* TASK OBJECTIVE
Word for word, repeat all the entries below, but without the pictures.
<<<<
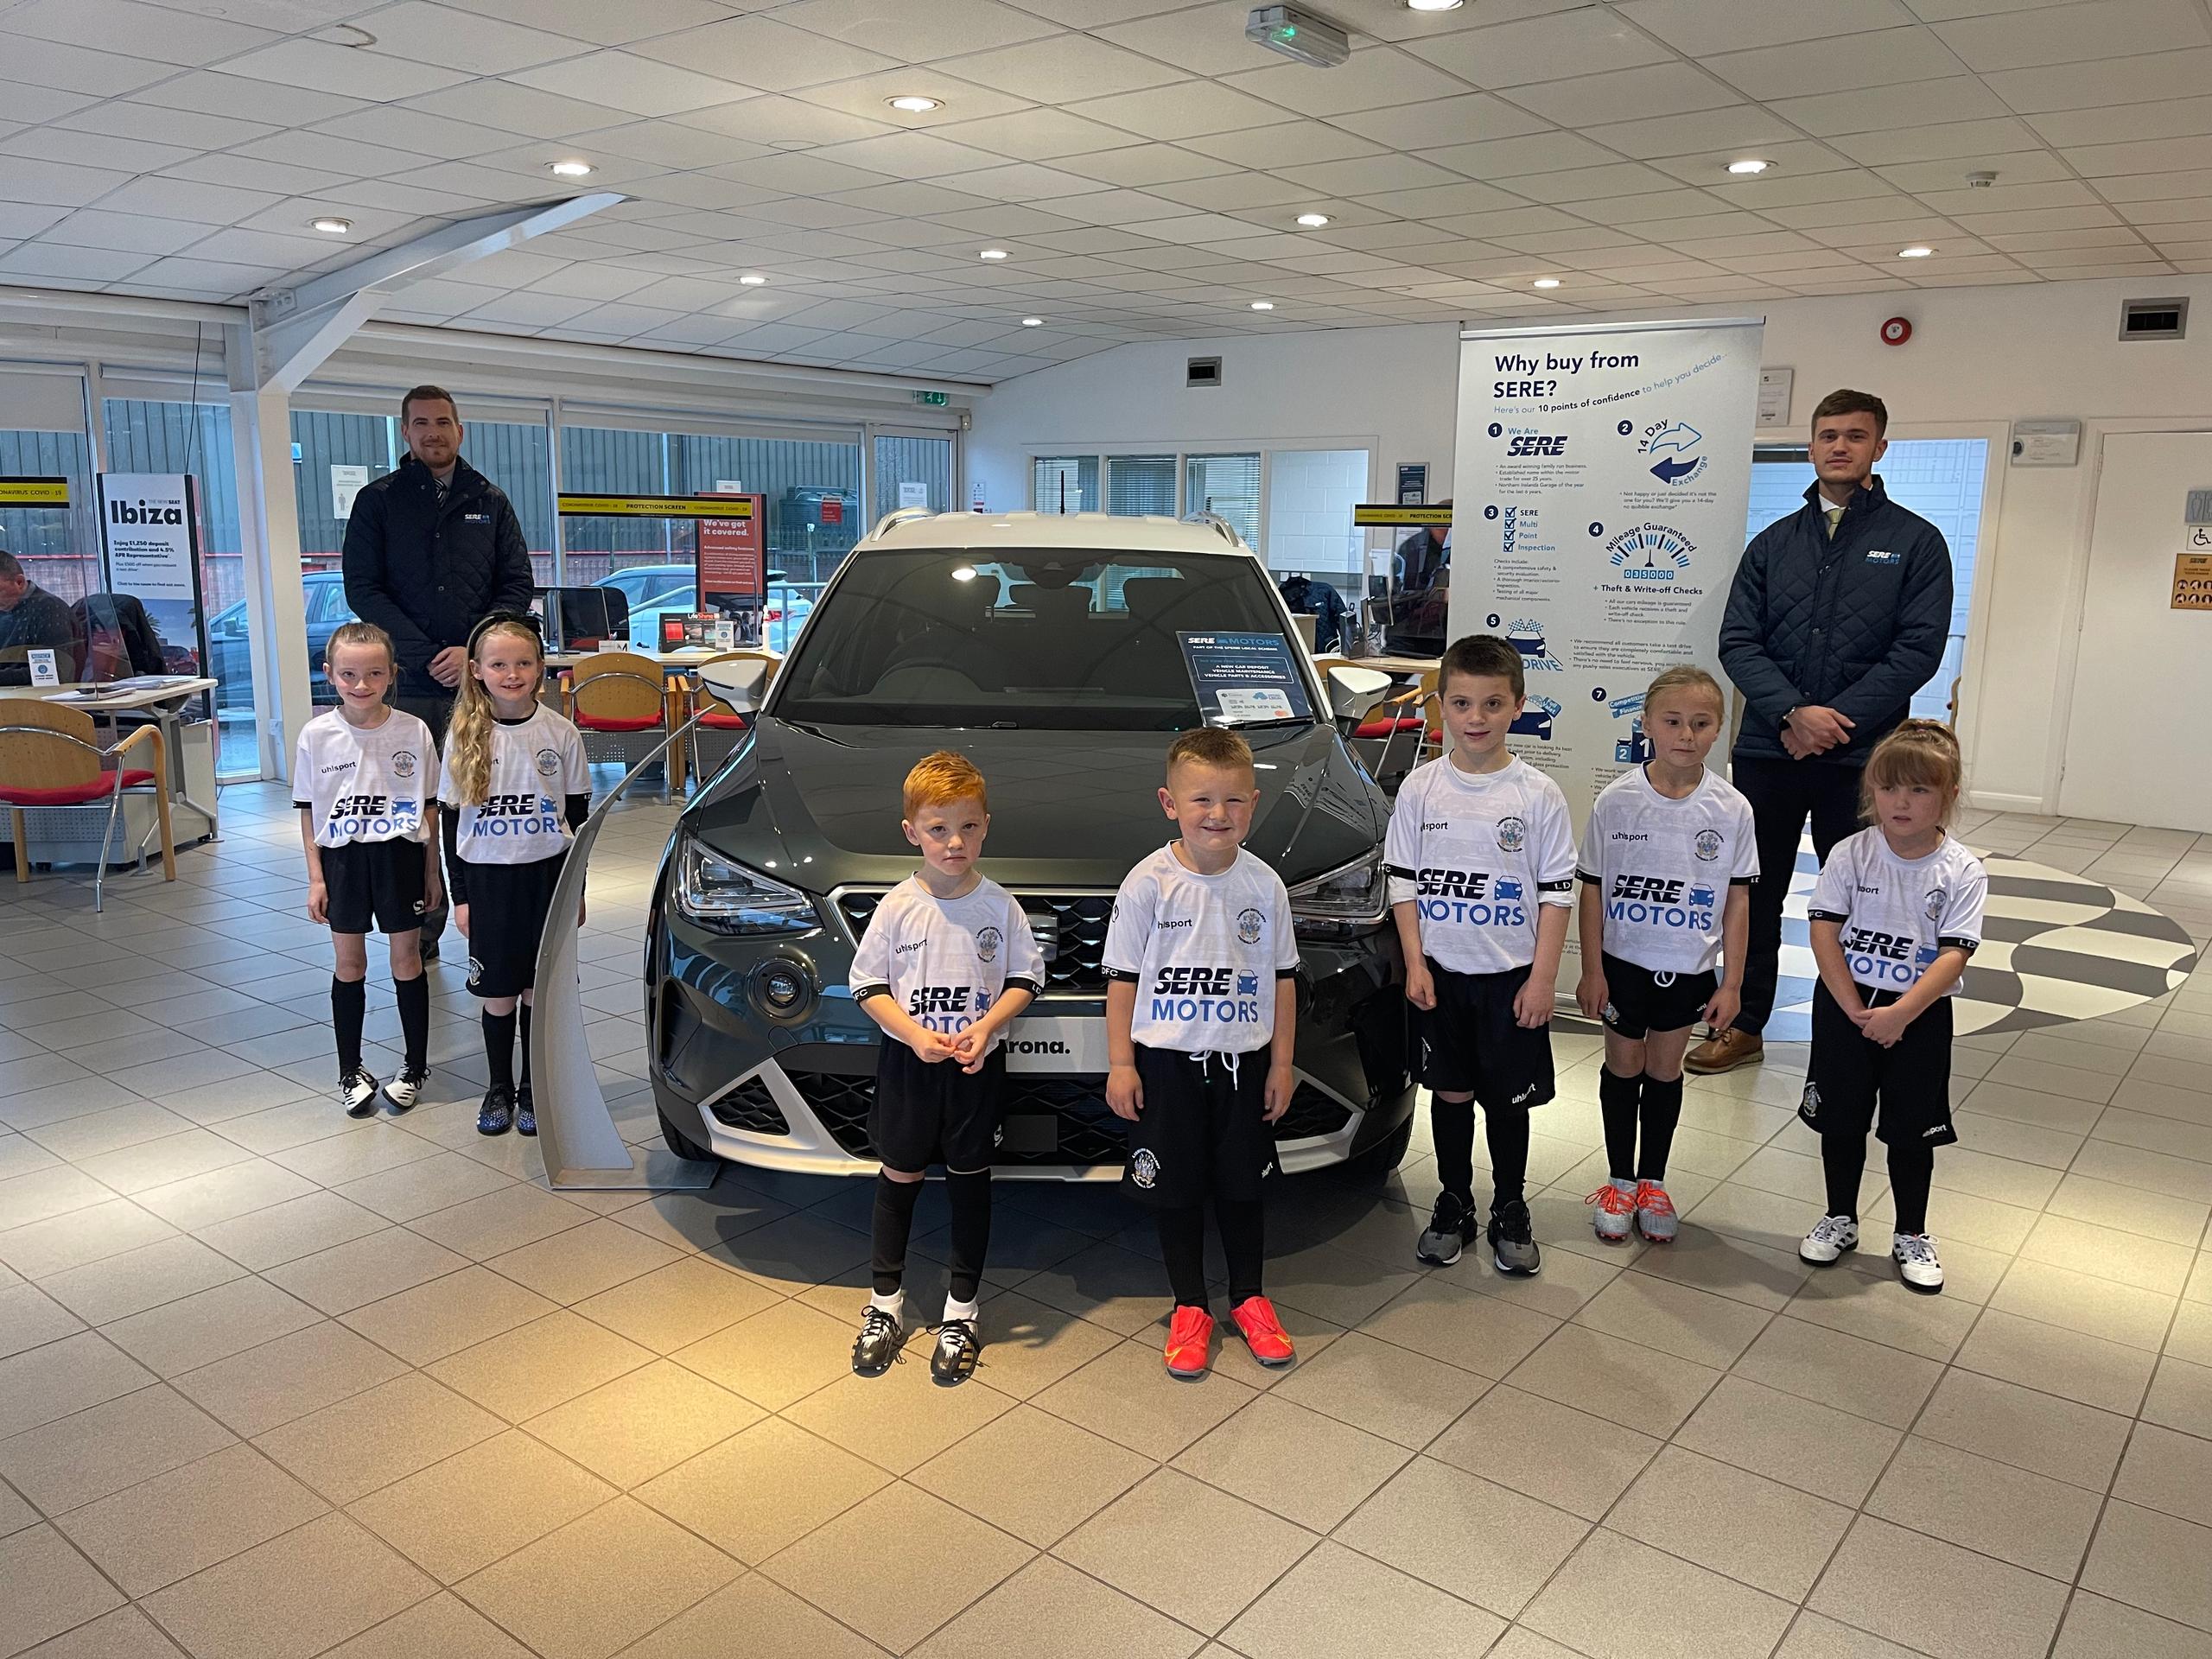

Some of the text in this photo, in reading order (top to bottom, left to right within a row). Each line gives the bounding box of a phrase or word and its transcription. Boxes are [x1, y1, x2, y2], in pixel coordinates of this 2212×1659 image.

[1495, 351, 1639, 376] Why buy from
[1493, 380, 1557, 398] SERE?
[1551, 402, 1578, 413] points
[1580, 398, 1590, 408] of
[1592, 389, 1640, 405] confidence
[1643, 385, 1652, 394] to
[1654, 378, 1673, 389] help
[1675, 372, 1691, 385] you
[1622, 423, 1628, 432] 2
[1638, 419, 1668, 454] 14 Day
[1507, 436, 1567, 456] SERE
[1672, 455, 1707, 486] Exchange
[111, 499, 181, 524] Ibiza
[1592, 523, 1697, 552] 4 Mileage Guaranteed
[1491, 616, 1497, 625] 5
[1619, 749, 1627, 759] 2
[1640, 739, 1649, 757] 1
[321, 761, 356, 773] uhlsport
[329, 817, 417, 838] MOTORS
[473, 817, 563, 838] MOTOR
[1421, 822, 1448, 831] lsport
[1611, 832, 1648, 842] uhlsport
[1417, 868, 1490, 899] SERE
[1554, 881, 1571, 890] LD
[1611, 874, 1685, 904] SERE
[1157, 918, 1192, 930] hlsport
[1605, 902, 1713, 931] MOTORS
[1959, 939, 1976, 949] LD
[1102, 967, 1118, 977] DFC
[1154, 967, 1233, 995] SERE
[909, 986, 971, 1016] SERE
[1152, 999, 1259, 1023] MOTORS
>>>>
* RESPONSE BOX
Some of the text in this photo, in reading order (top to bottom, left to right within a row). Each line gives the bounding box of a phrase or word and its transcription. Boxes are [x1, y1, x2, y2], in pixel coordinates of this 2212×1659 image.

[1495, 351, 1639, 376] Why buy from
[1493, 380, 1557, 398] SERE?
[1551, 402, 1578, 413] points
[1580, 398, 1590, 408] of
[1592, 389, 1640, 405] confidence
[1643, 385, 1652, 394] to
[1654, 378, 1673, 389] help
[1675, 372, 1691, 385] you
[1622, 423, 1628, 432] 2
[1638, 419, 1668, 454] 14 Day
[1507, 436, 1567, 456] SERE
[1672, 455, 1707, 486] Exchange
[111, 499, 181, 524] Ibiza
[1592, 523, 1697, 552] 4 Mileage Guaranteed
[1491, 616, 1497, 625] 5
[1619, 749, 1627, 759] 2
[1640, 739, 1649, 757] 1
[321, 761, 356, 773] uhlsport
[329, 817, 417, 838] MOTORS
[473, 817, 563, 838] MOTOR
[1421, 822, 1448, 831] lsport
[1611, 832, 1648, 842] uhlsport
[1417, 868, 1490, 899] SERE
[1554, 881, 1571, 890] LD
[1611, 874, 1685, 904] SERE
[1157, 918, 1192, 930] hlsport
[1605, 902, 1713, 931] MOTORS
[1959, 939, 1976, 949] LD
[1102, 967, 1118, 977] DFC
[1154, 967, 1233, 995] SERE
[909, 986, 971, 1016] SERE
[1152, 999, 1259, 1023] MOTORS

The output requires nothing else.